We all deserve better sleep
At the end of the day, we all deserve better sleep. And while cryotherapy might sound intense, it’s actually a safe, quick, and increasingly accessible way to support your body’s natural recovery and relaxation processes.
Whether you’re an athlete, a busy professional, or just someone desperate for a full eight hours, Cryotherapy for Better Sleep is a trend that’s definitely worth watching — and perhaps even trying.
After all, who wouldn’t want to sleep like a baby… after a blast of ice-cold bliss?
FAQ
Can cryotherapy really help with sleep?
Many people report better sleep after cryotherapy sessions. It may help by reducing stress, easing muscle tension, and calming the nervous system — all of which can make it easier to fall asleep and stay asleep.

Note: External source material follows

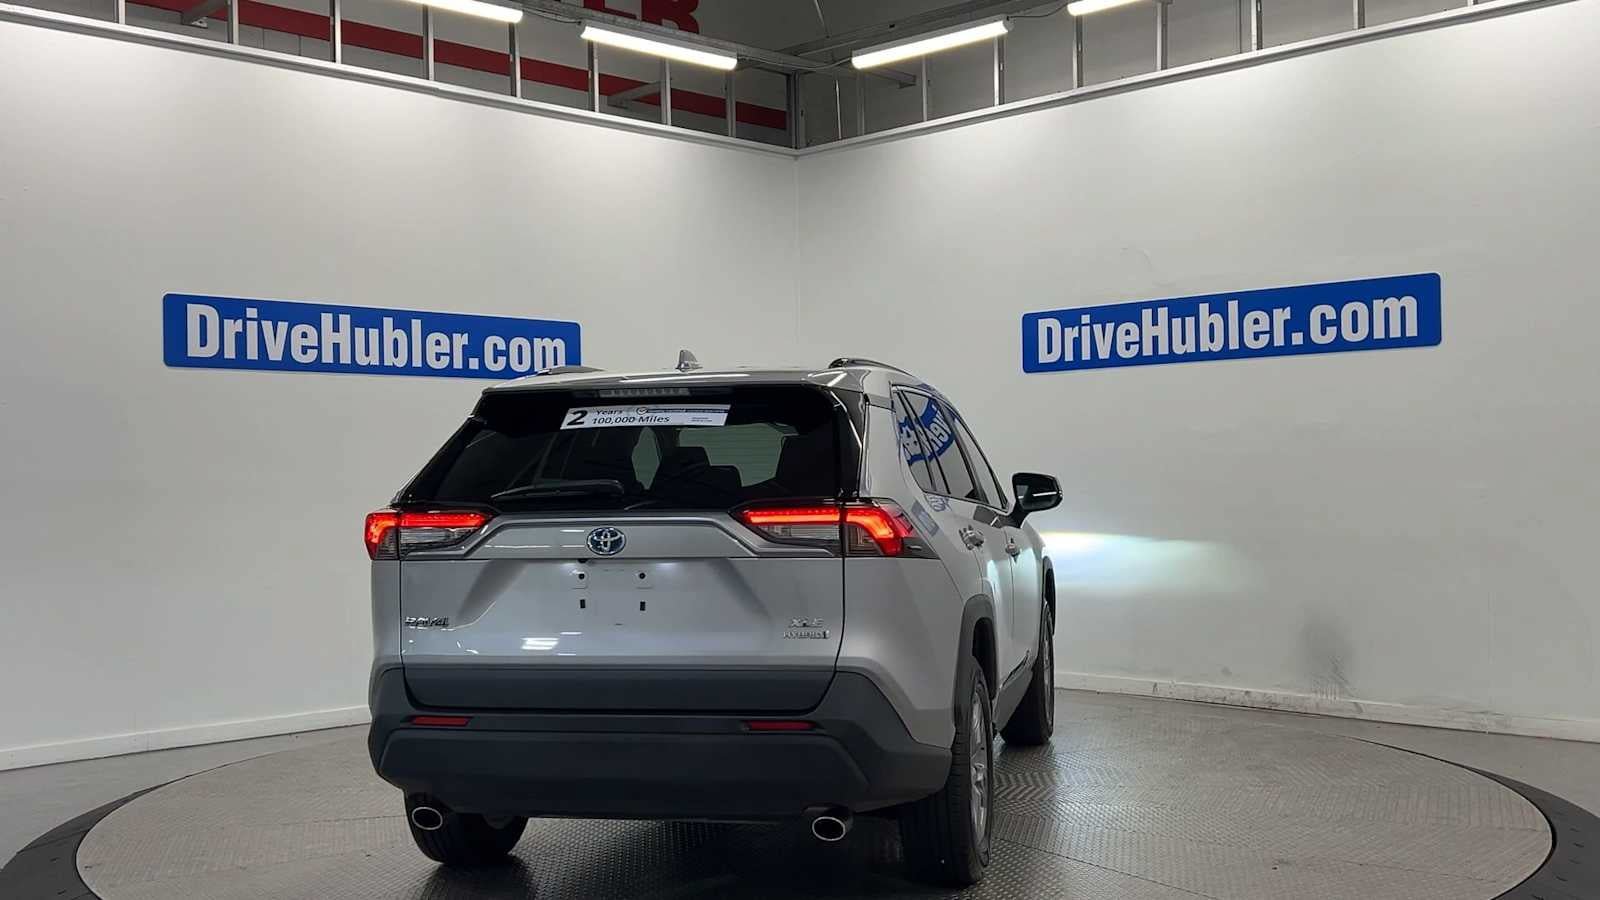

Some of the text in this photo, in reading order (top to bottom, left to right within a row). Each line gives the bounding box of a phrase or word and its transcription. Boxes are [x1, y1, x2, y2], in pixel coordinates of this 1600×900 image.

[186, 303, 566, 372] DriveHubler.com
[1037, 294, 1418, 364] DriveHubler.com
[566, 410, 588, 425] 2
[592, 415, 670, 425] 100,000 Miles

How does cryotherapy support better sleep?
Cryotherapy may:
- Lower inflammation
- Trigger feel-good hormones like endorphins
- Calm the nervous system
- Help balance your natural sleep-wake cycle (circadian rhythm)
These effects can create a more relaxed state, which may help you drift off more easily.
When’s the best time to do cryotherapy for Better sleep?
It’s best to have a cryotherapy session in the late afternoon or early evening, ideally 4–6 hours before bed. This gives your body time to go from energised to relaxed.
How many cryotherapy sessions do I need to see results?
Some people feel the benefits after just one session, but for consistent sleep improvements, 2–3 sessions per week are usually recommended.
Is cryotherapy for Better sleep backed by science?
There’s growing research showing cryotherapy may help improve sleep, especially in athletes and people with high stress levels. While more studies are needed, early results are promising.